Text-to-region grounding data
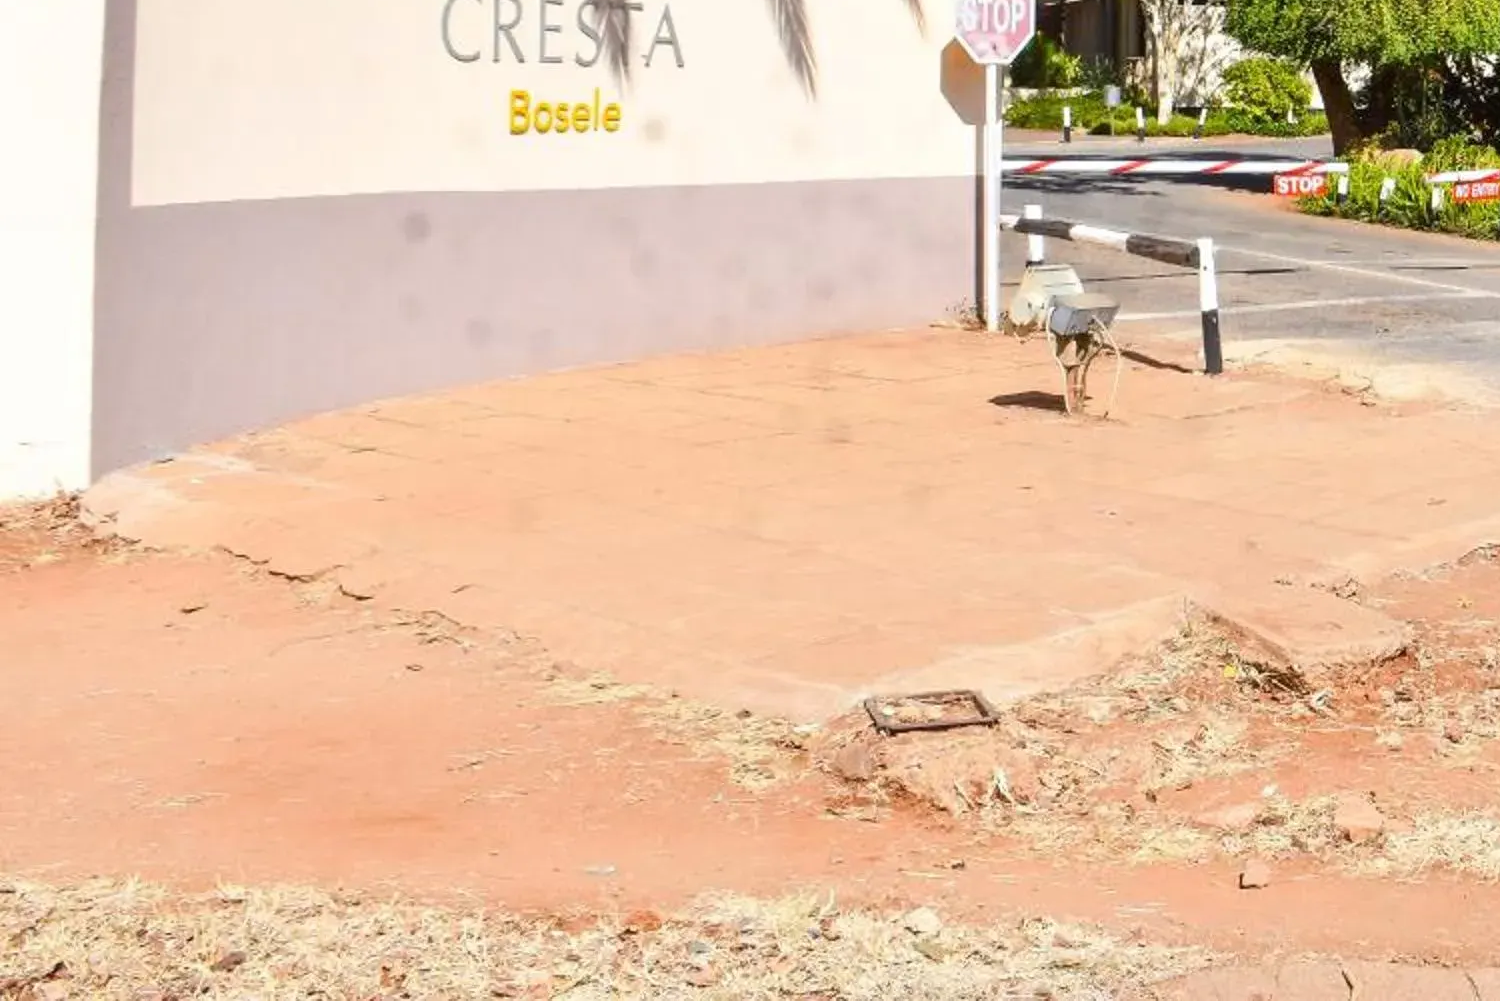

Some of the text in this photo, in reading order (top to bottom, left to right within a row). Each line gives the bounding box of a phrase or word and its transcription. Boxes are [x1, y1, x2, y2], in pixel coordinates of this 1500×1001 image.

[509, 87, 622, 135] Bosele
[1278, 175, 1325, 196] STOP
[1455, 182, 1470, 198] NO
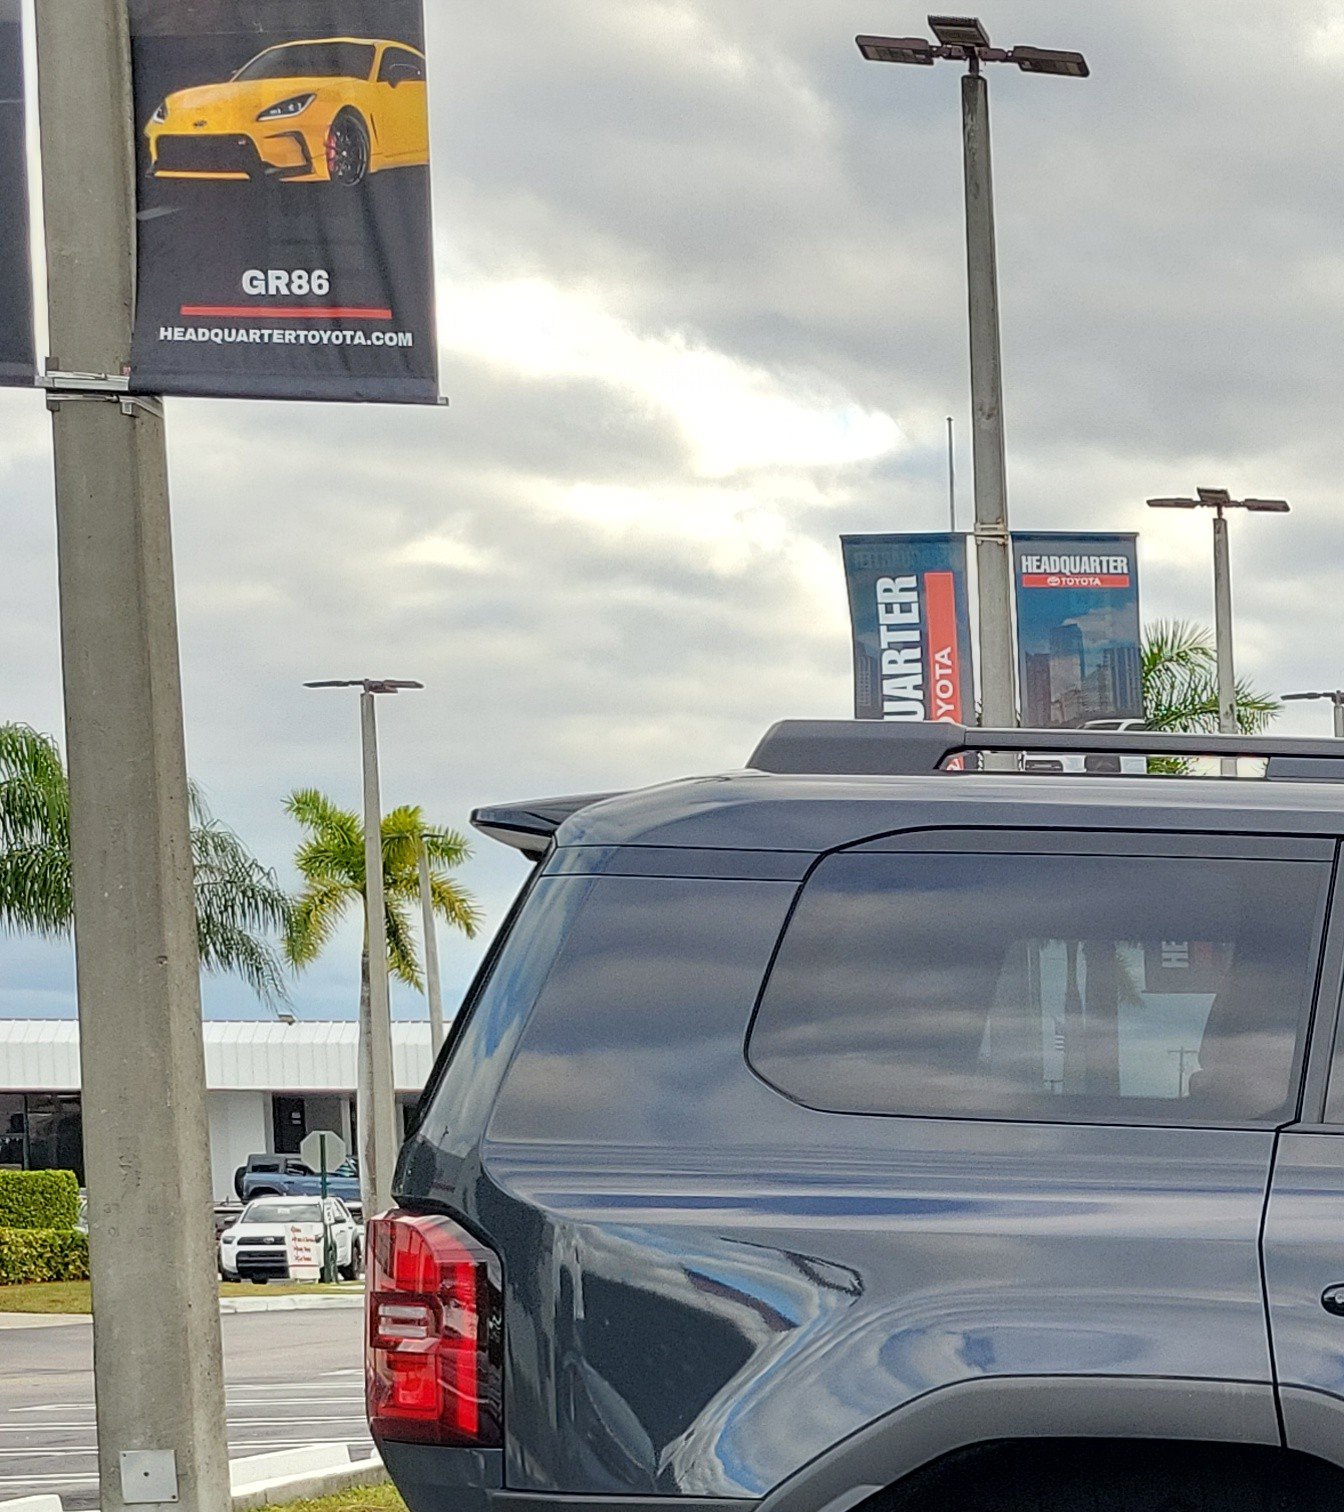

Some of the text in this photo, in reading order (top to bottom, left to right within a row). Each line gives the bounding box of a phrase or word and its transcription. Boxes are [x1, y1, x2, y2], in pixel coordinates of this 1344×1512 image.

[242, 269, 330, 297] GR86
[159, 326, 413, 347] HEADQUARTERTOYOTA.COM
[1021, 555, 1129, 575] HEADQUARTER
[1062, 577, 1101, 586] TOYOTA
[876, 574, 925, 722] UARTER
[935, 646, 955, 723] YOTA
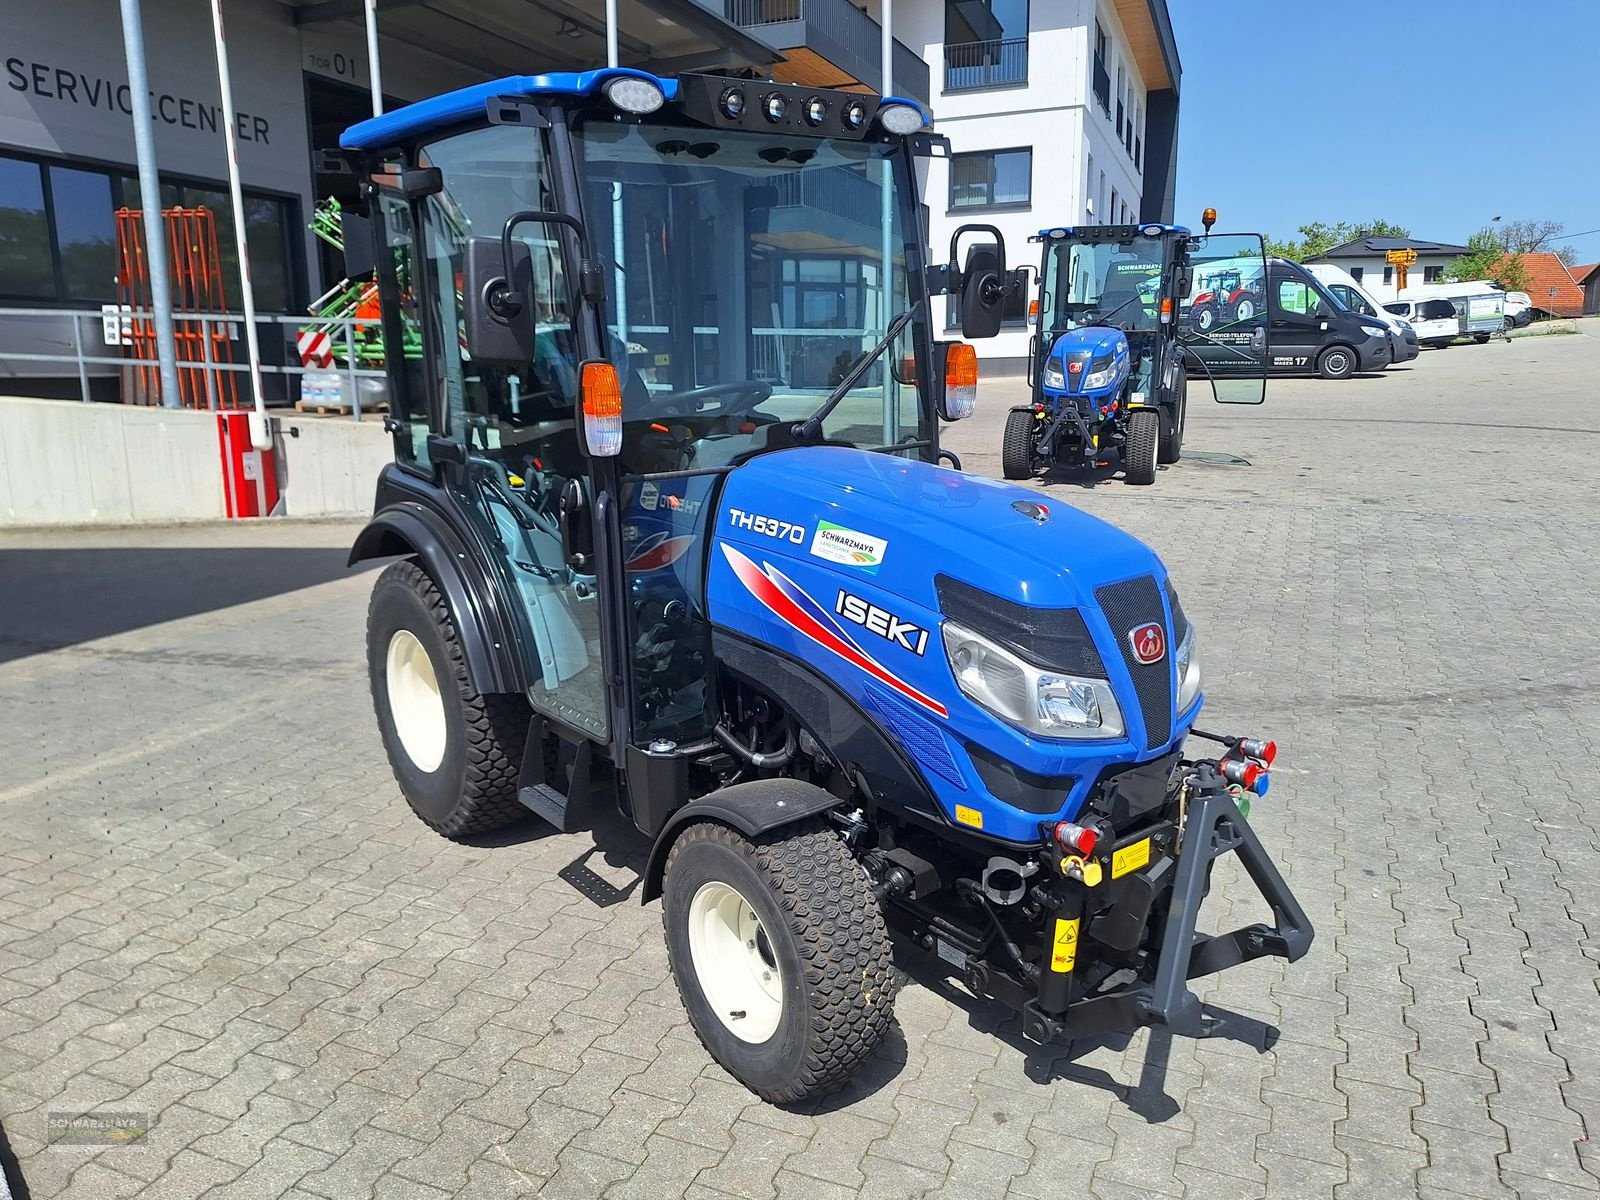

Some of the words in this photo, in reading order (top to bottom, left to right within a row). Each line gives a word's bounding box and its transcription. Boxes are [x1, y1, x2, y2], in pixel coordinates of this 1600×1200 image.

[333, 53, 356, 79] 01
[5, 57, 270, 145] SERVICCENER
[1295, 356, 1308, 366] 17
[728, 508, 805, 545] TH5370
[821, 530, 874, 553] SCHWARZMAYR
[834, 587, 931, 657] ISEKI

__Goal of the exercise__: From the line containing "this 1344×1512 image." through the last line of the records above, reproduce every line exactly, leaving out the pictures.

__Result of the exercise__:
Some of the text in this photo, in reading order (top to bottom, left to right within a row). Each line gives the bounding box of a phrase or word and its transcription. Boxes are [x1, y1, x2, y2], in pixel coordinates of this 1344×1512 image.

[242, 269, 330, 297] GR86
[159, 326, 413, 347] HEADQUARTERTOYOTA.COM
[1021, 555, 1129, 575] HEADQUARTER
[1062, 577, 1101, 586] TOYOTA
[876, 574, 925, 722] UARTER
[935, 646, 955, 723] YOTA

Some of the words in this photo, in reading order (top to bottom, left to right within a row). Each line gives a word's bounding box and its transcription. Boxes are [x1, y1, x2, y2], in pixel coordinates of this 1600×1200 image.

[333, 53, 356, 79] 01
[5, 57, 270, 145] SERVICCENER
[1295, 356, 1308, 366] 17
[728, 508, 805, 545] TH5370
[821, 530, 874, 553] SCHWARZMAYR
[834, 587, 931, 657] ISEKI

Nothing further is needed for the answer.